_Problem details_:
Repeat all the data exactly, and where a record holds a picture, leave that picture out.

┌────────

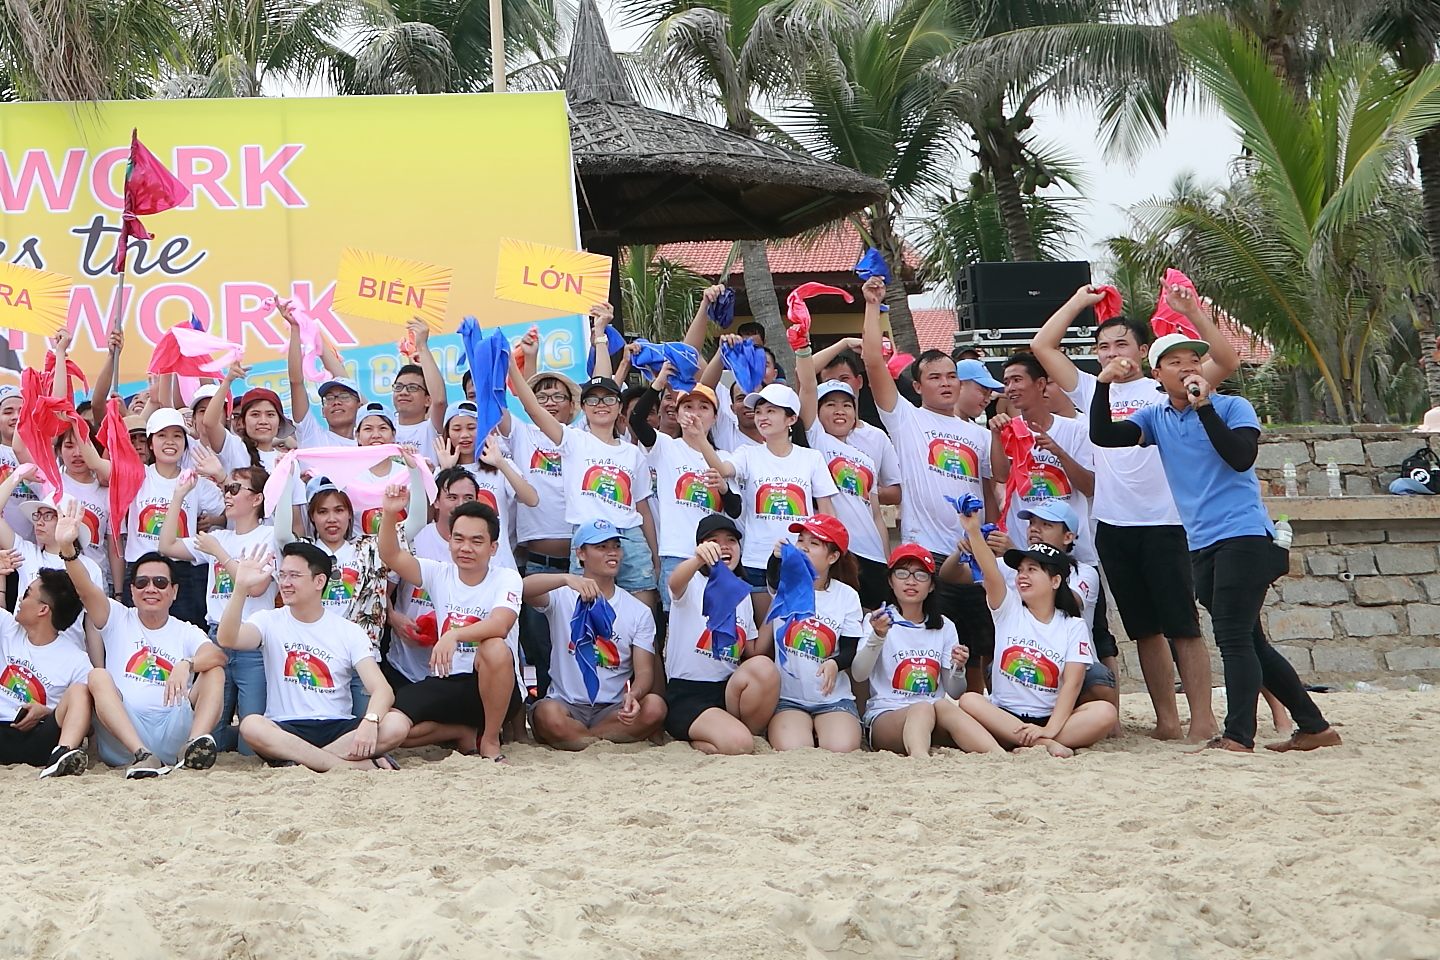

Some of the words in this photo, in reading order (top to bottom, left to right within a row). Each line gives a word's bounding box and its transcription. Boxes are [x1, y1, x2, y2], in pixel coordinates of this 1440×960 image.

[523, 265, 583, 295] LỚN
[358, 276, 427, 309] BIỂN
[925, 429, 981, 452] TEAMWORK
[753, 475, 810, 490] TEAMWORK
[283, 641, 335, 664] EAMWORK
[892, 649, 942, 664] TEAMWOR
[1006, 636, 1066, 667] TEAMWORK
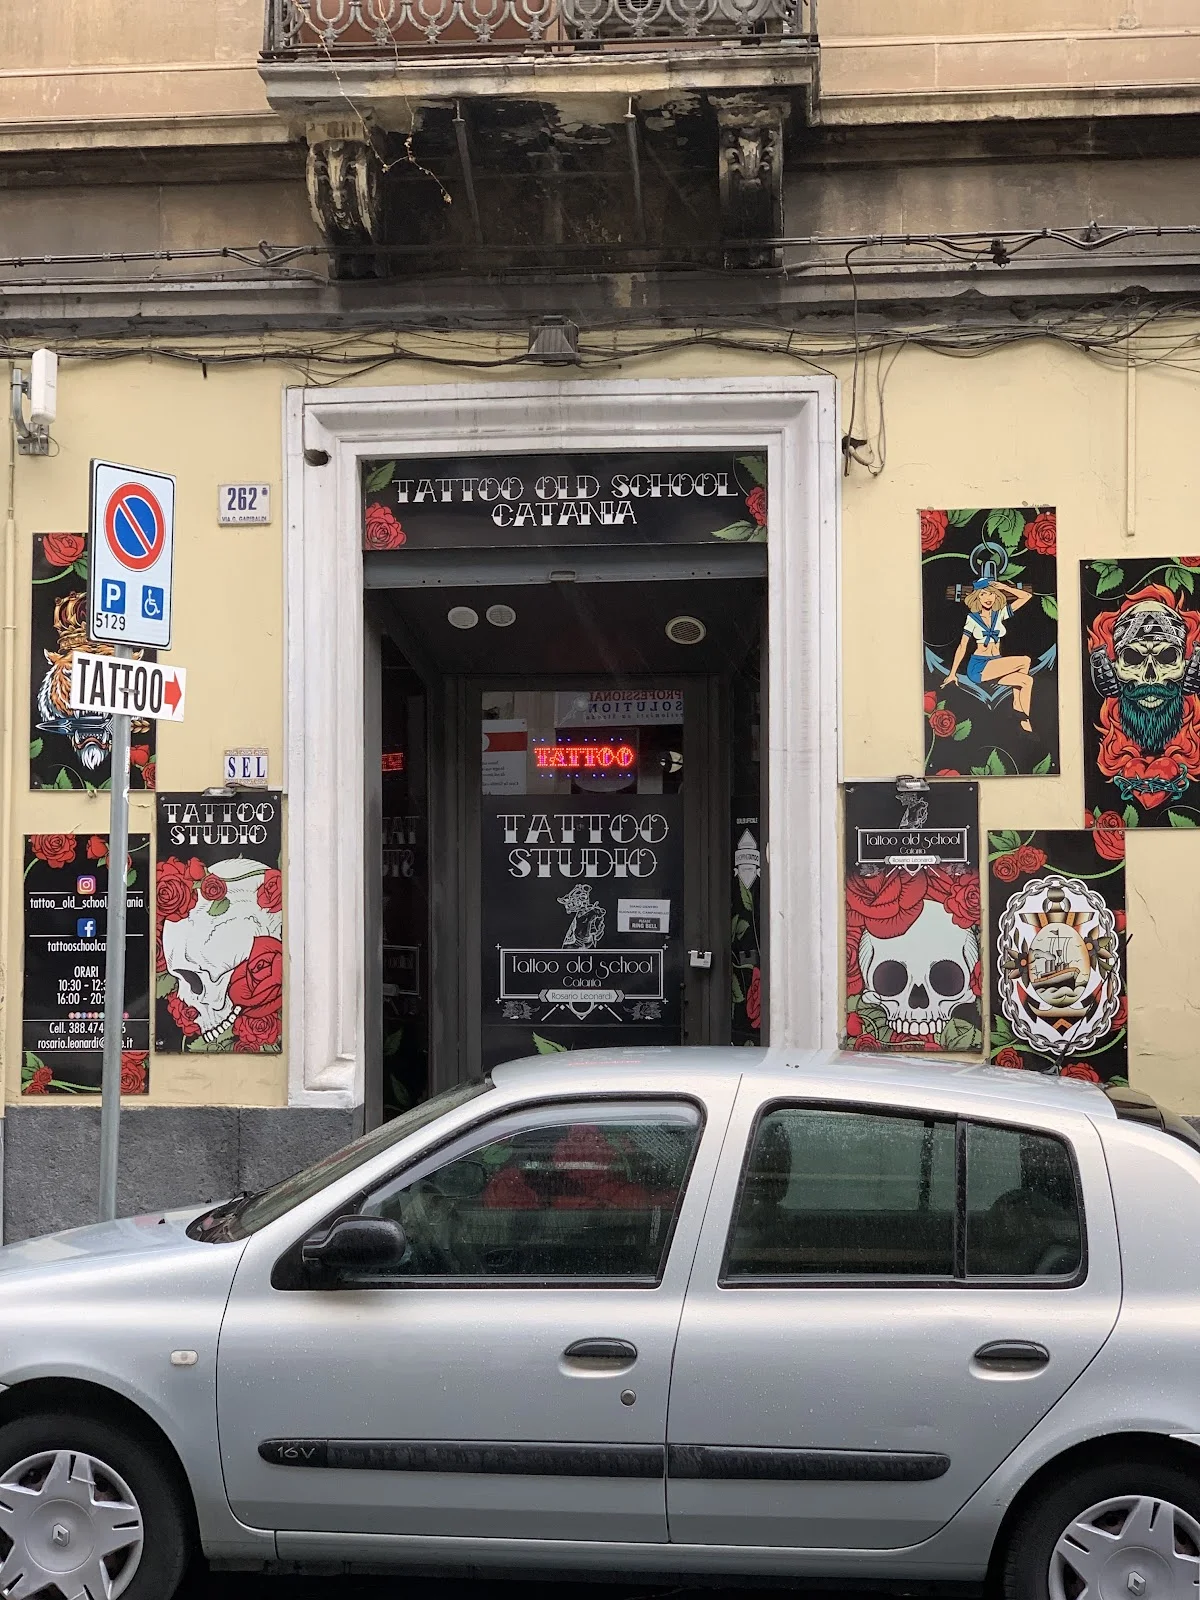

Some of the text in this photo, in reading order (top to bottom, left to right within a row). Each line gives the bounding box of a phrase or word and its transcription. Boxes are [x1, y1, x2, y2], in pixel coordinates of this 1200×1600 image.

[392, 472, 738, 503] TATTOO OLD SCHOOL
[228, 487, 257, 511] 262
[491, 500, 637, 527] CATANIA
[106, 583, 121, 609] P
[96, 612, 126, 631] 5129
[77, 658, 163, 714] TATTOO
[534, 747, 634, 767] TATTOO
[228, 757, 266, 778] SEL
[163, 803, 275, 823] TATTOO
[170, 825, 268, 845] STUDIO
[497, 814, 669, 844] TATTOO
[901, 833, 920, 846] old
[508, 848, 658, 878] STUDIO
[30, 895, 144, 910] tattoo_old_schoolania
[47, 938, 107, 952] tattooschoolca
[74, 965, 99, 978] ORARI
[566, 955, 593, 974] old
[595, 955, 653, 980] school
[58, 979, 82, 992] 10:30
[92, 979, 106, 992] 12:3
[56, 992, 80, 1005] 16:00
[551, 992, 613, 1001] Rosario Leonardi
[49, 1022, 126, 1034] Cell. 388.4746
[277, 1446, 316, 1459] 16V

└────────

_Expected output_:
Some of the words in this photo, in reading order (top to bottom, left to right within a row). Each line gives a word's bounding box and its transcription. Boxes are [x1, y1, x2, y2], in pixel coordinates of this 1440×960 image.

[523, 265, 583, 295] LỚN
[358, 276, 427, 309] BIỂN
[925, 429, 981, 452] TEAMWORK
[753, 475, 810, 490] TEAMWORK
[283, 641, 335, 664] EAMWORK
[892, 649, 942, 664] TEAMWOR
[1006, 636, 1066, 667] TEAMWORK

Some of the text in this photo, in reading order (top to bottom, left to right within a row). Each line gives the bounding box of a phrase or word and its transcription. Boxes are [x1, y1, x2, y2], in pixel coordinates of this 1200×1600 image.

[392, 472, 738, 503] TATTOO OLD SCHOOL
[228, 487, 257, 511] 262
[491, 500, 637, 527] CATANIA
[106, 583, 121, 609] P
[96, 612, 126, 631] 5129
[77, 658, 163, 714] TATTOO
[534, 747, 634, 767] TATTOO
[228, 757, 266, 778] SEL
[163, 803, 275, 823] TATTOO
[170, 825, 268, 845] STUDIO
[497, 814, 669, 844] TATTOO
[901, 833, 920, 846] old
[508, 848, 658, 878] STUDIO
[30, 895, 144, 910] tattoo_old_schoolania
[47, 938, 107, 952] tattooschoolca
[74, 965, 99, 978] ORARI
[566, 955, 593, 974] old
[595, 955, 653, 980] school
[58, 979, 82, 992] 10:30
[92, 979, 106, 992] 12:3
[56, 992, 80, 1005] 16:00
[551, 992, 613, 1001] Rosario Leonardi
[49, 1022, 126, 1034] Cell. 388.4746
[277, 1446, 316, 1459] 16V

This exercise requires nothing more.